REQUIREMENT>
Return all of the entries exactly, but do not include the pictures.

Collection entries:
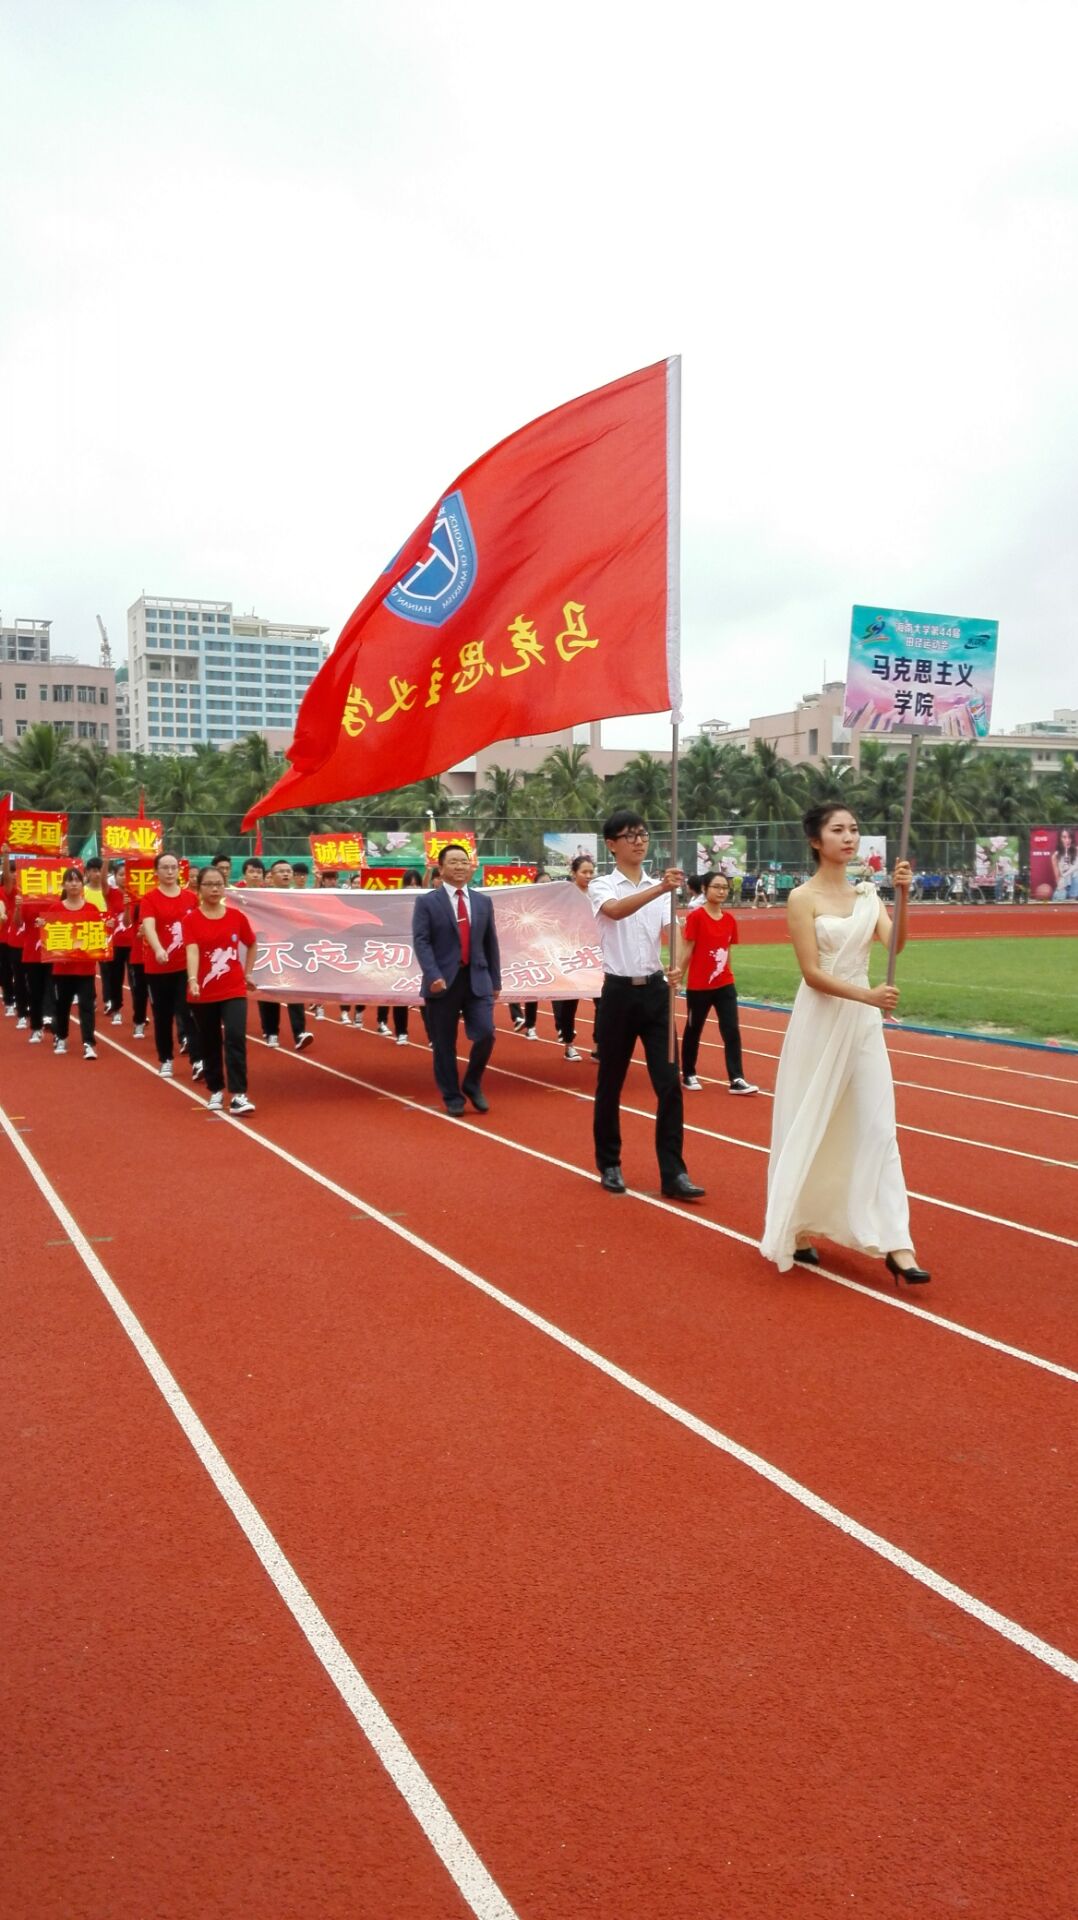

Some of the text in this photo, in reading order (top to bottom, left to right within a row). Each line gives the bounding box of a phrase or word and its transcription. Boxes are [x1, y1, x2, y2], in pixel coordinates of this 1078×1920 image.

[872, 655, 973, 688] 马克思主义
[894, 690, 934, 717] 学院
[9, 819, 62, 847] 爱国
[105, 824, 157, 852] 敬业
[314, 840, 362, 865] 诚信
[44, 921, 108, 951] 富强
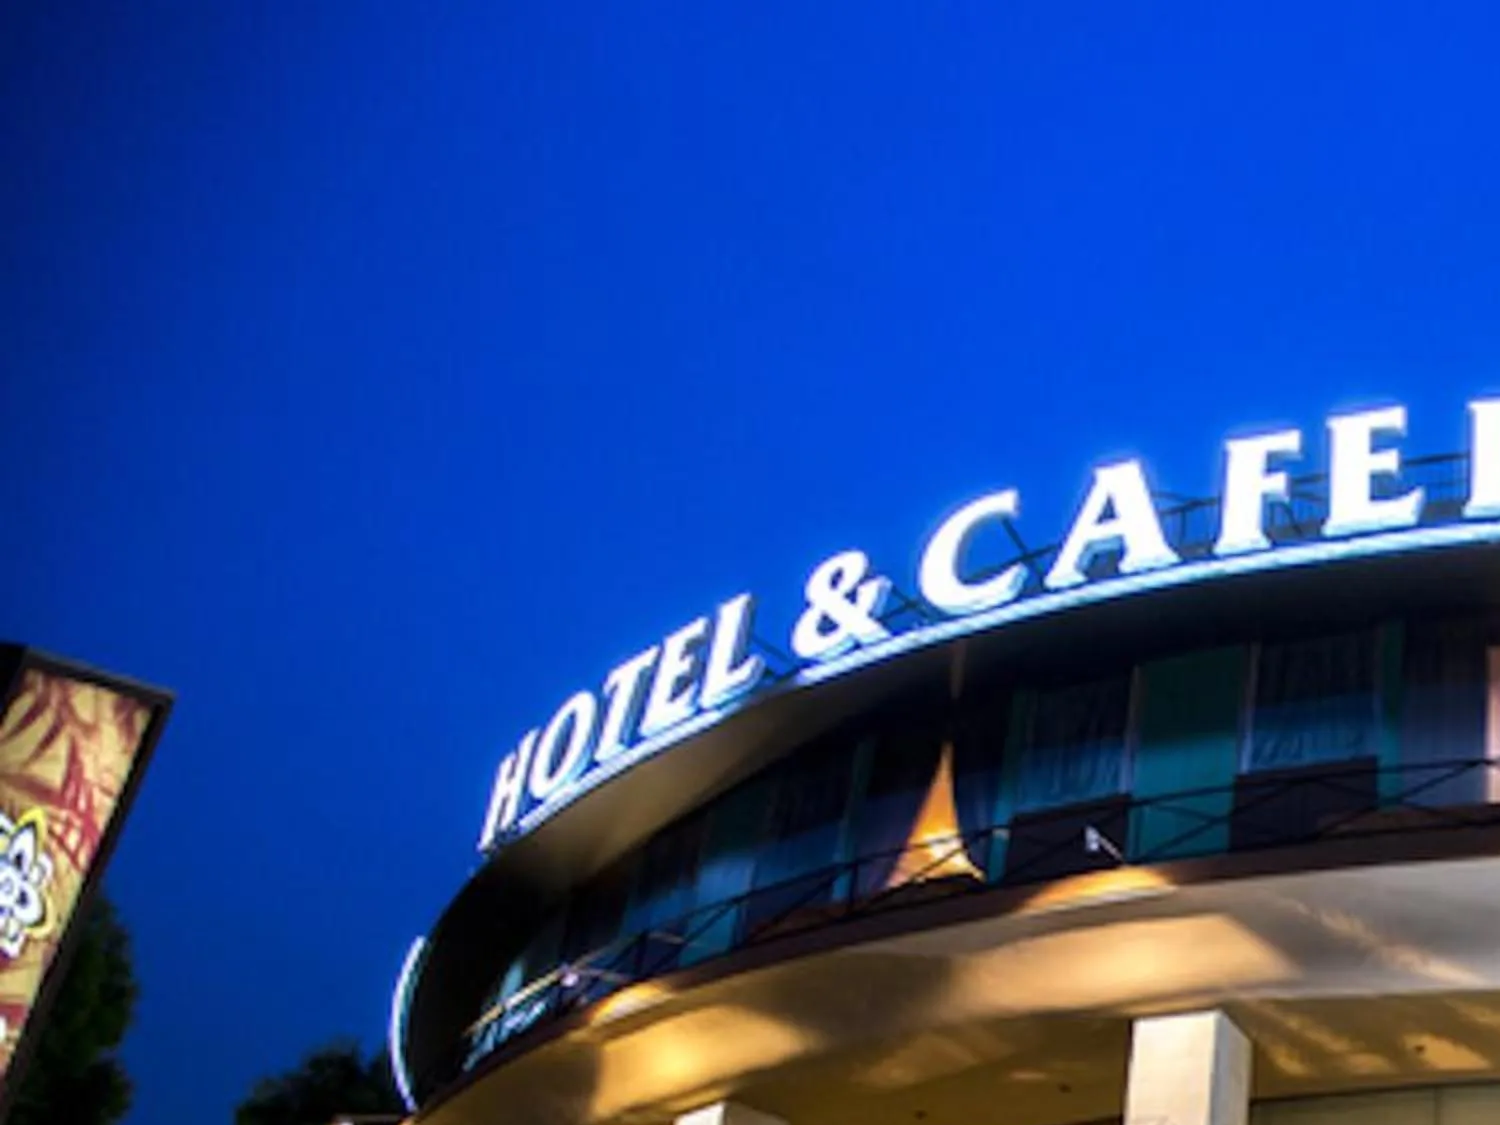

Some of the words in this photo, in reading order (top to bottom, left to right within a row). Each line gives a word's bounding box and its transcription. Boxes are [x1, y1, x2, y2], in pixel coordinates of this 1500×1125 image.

[478, 592, 764, 855] HOTEL
[792, 549, 892, 662] &
[919, 405, 1425, 615] CAFE
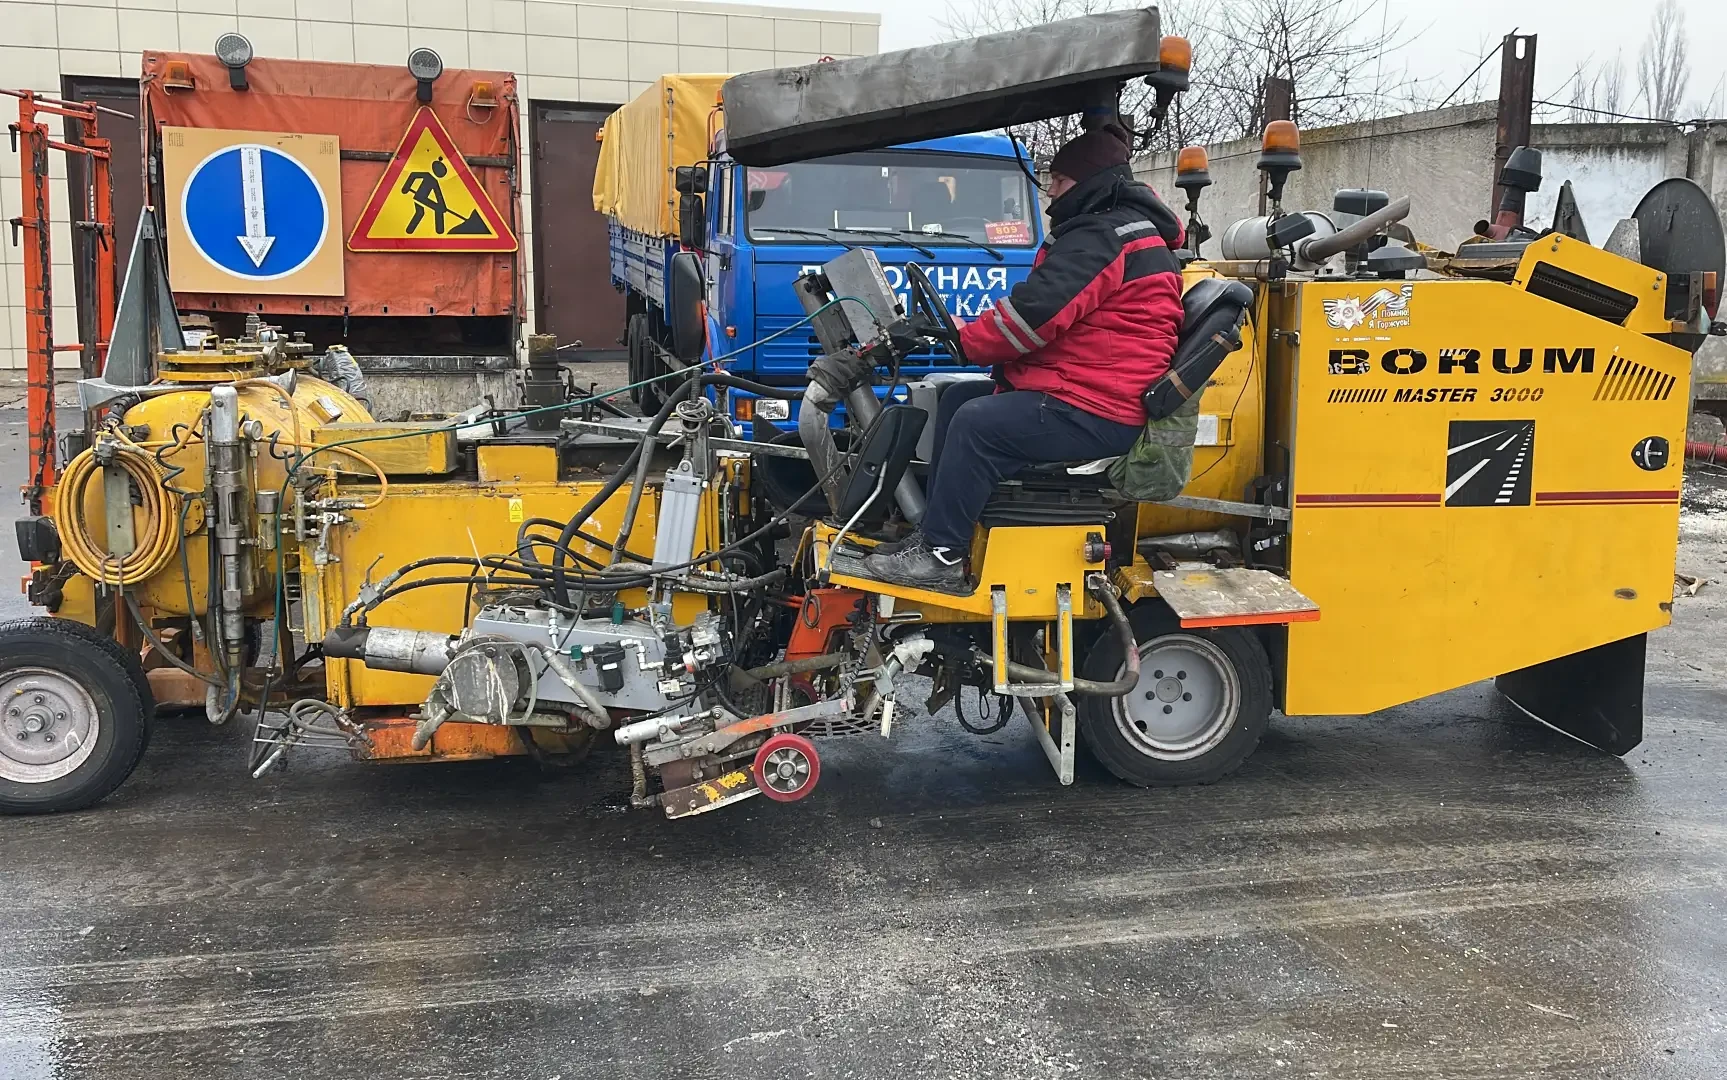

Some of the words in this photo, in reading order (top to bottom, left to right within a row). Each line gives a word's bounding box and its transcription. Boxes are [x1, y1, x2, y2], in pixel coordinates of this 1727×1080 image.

OUTPUT FOR THIS TASK>
Some of the text in this photo, in reading order (top to bottom, left to right within a row). Each line gives the bounding box of a phrase or word and its transcription. Boxes are [x1, y1, x2, y2], in pixel coordinates of this 1078×1920 image.

[872, 655, 973, 688] 马克思主义
[894, 690, 934, 717] 学院
[9, 819, 62, 847] 爱国
[105, 824, 157, 852] 敬业
[314, 840, 362, 865] 诚信
[44, 921, 108, 951] 富强

Some of the words in this photo, in reading order (top to bottom, left to right within a row). Each line gives a word's bounding box and its transcription. Boxes are [x1, y1, x2, y2], in pixel coordinates of this 1500×1125 image.

[478, 592, 764, 855] HOTEL
[792, 549, 892, 662] &
[919, 405, 1425, 615] CAFE

Some of the words in this photo, in reading order (top to bottom, left to right within a row). Each line gives a word's bounding box and its transcription. Boxes are [x1, y1, x2, y2], in pixel coordinates of this 1727×1080 image.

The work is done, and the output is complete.